— What is being asked —
The full set of entries is to be printed exactly, with pictures excluded.

Task input Block Start

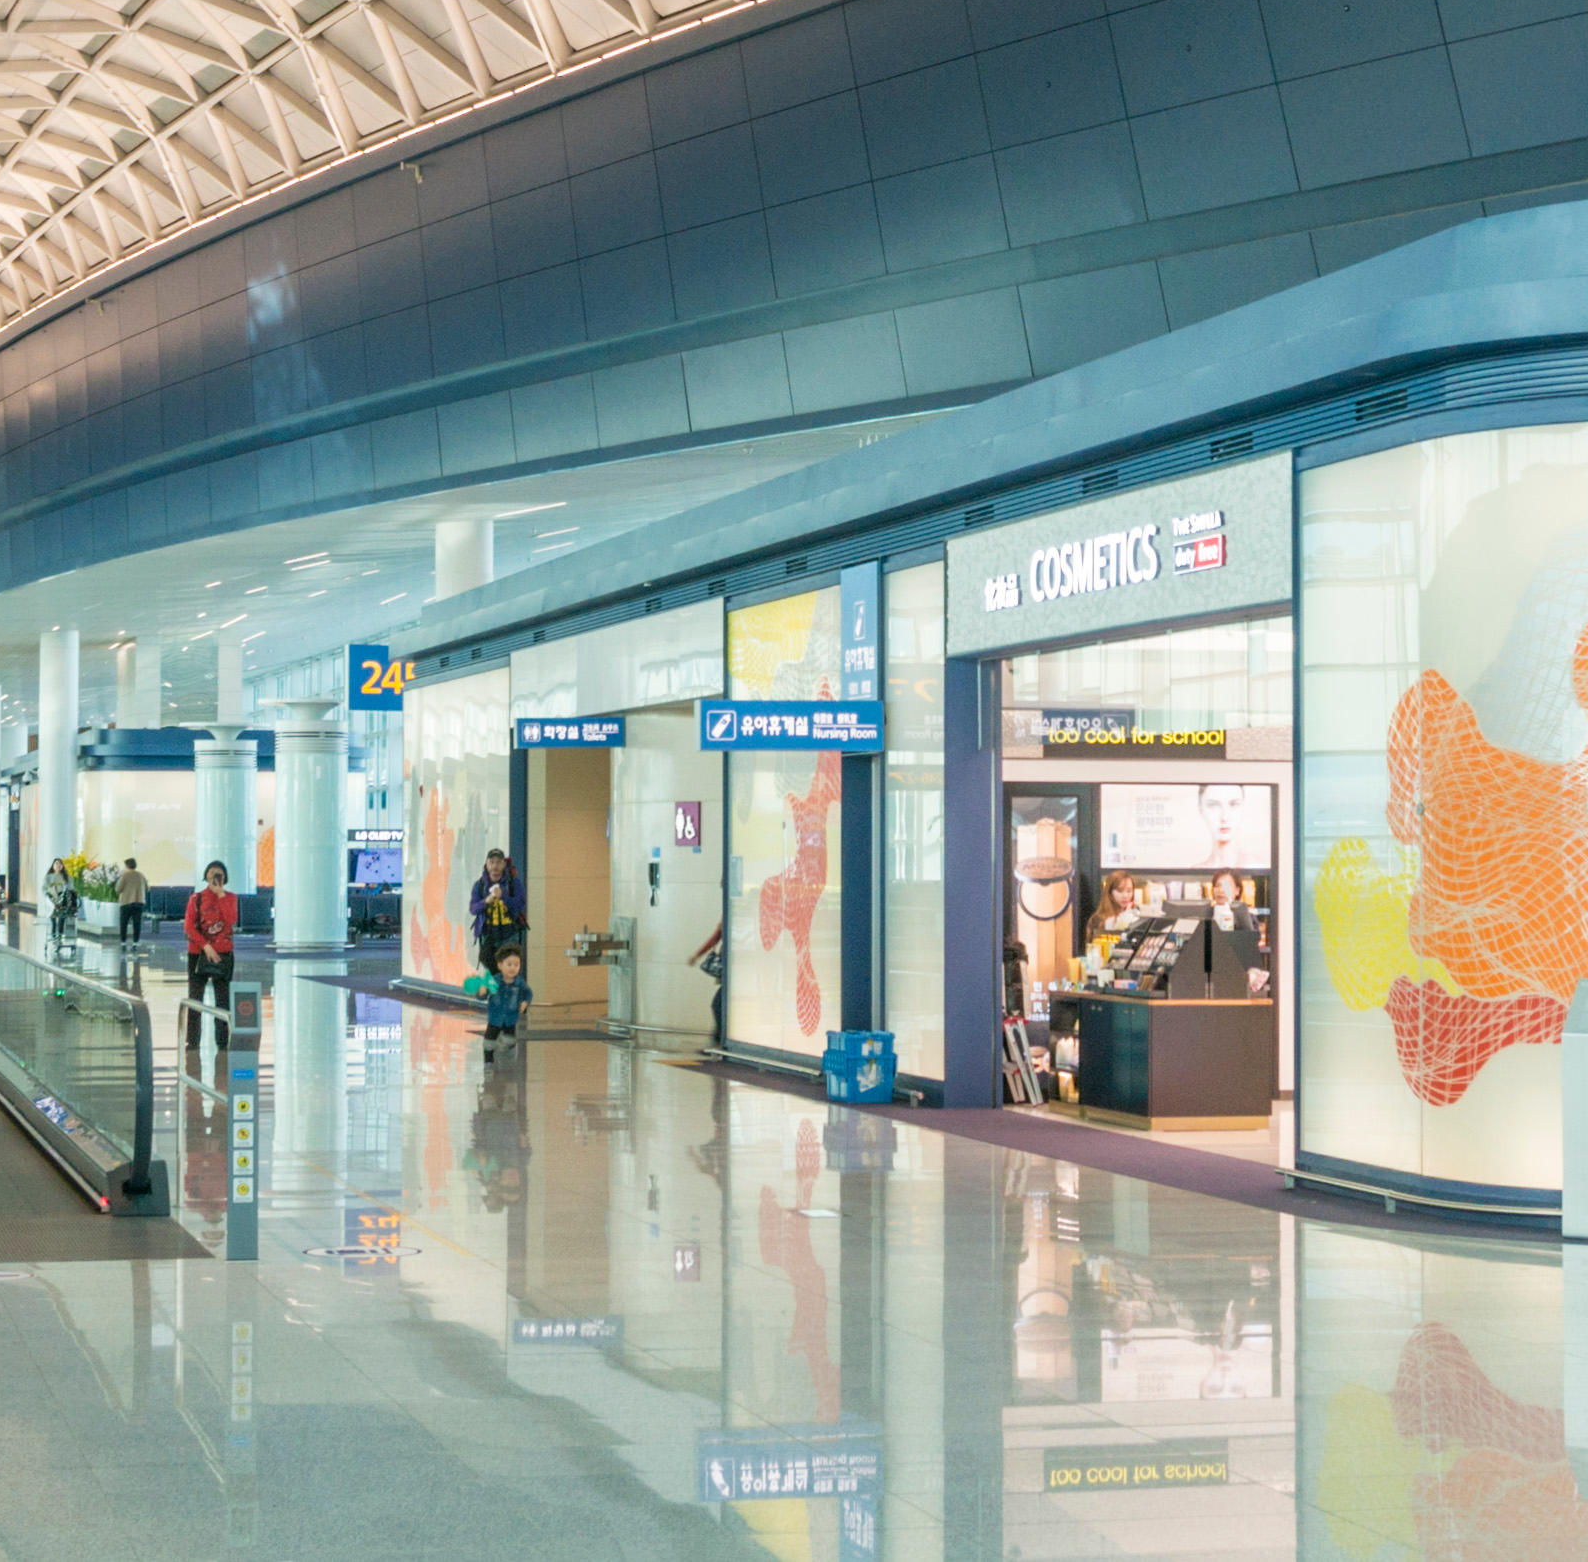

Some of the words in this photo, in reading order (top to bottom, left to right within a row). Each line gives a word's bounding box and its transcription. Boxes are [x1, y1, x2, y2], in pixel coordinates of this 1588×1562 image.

[1029, 523, 1159, 603] COSMETICS
[1175, 547, 1196, 569] duty
[1197, 543, 1219, 562] free
[543, 724, 580, 740] 화장실
[740, 714, 809, 737] 유아휴게실
[813, 728, 848, 741] Nursing
[850, 727, 878, 740] Room
[1049, 727, 1081, 744] too
[1084, 726, 1126, 744] cool
[1131, 725, 1156, 744] for
[1162, 727, 1224, 745] school

Task input Block End

— Final answer —
Some of the words in this photo, in reading order (top to bottom, left to right within a row). Each line gives a word's bounding box and its transcription. Boxes are [x1, y1, x2, y2], in pixel coordinates of this 1588×1562 image.

[1029, 523, 1159, 603] COSMETICS
[1175, 547, 1196, 569] duty
[1197, 543, 1219, 562] free
[543, 724, 580, 740] 화장실
[740, 714, 809, 737] 유아휴게실
[813, 728, 848, 741] Nursing
[850, 727, 878, 740] Room
[1049, 727, 1081, 744] too
[1084, 726, 1126, 744] cool
[1131, 725, 1156, 744] for
[1162, 727, 1224, 745] school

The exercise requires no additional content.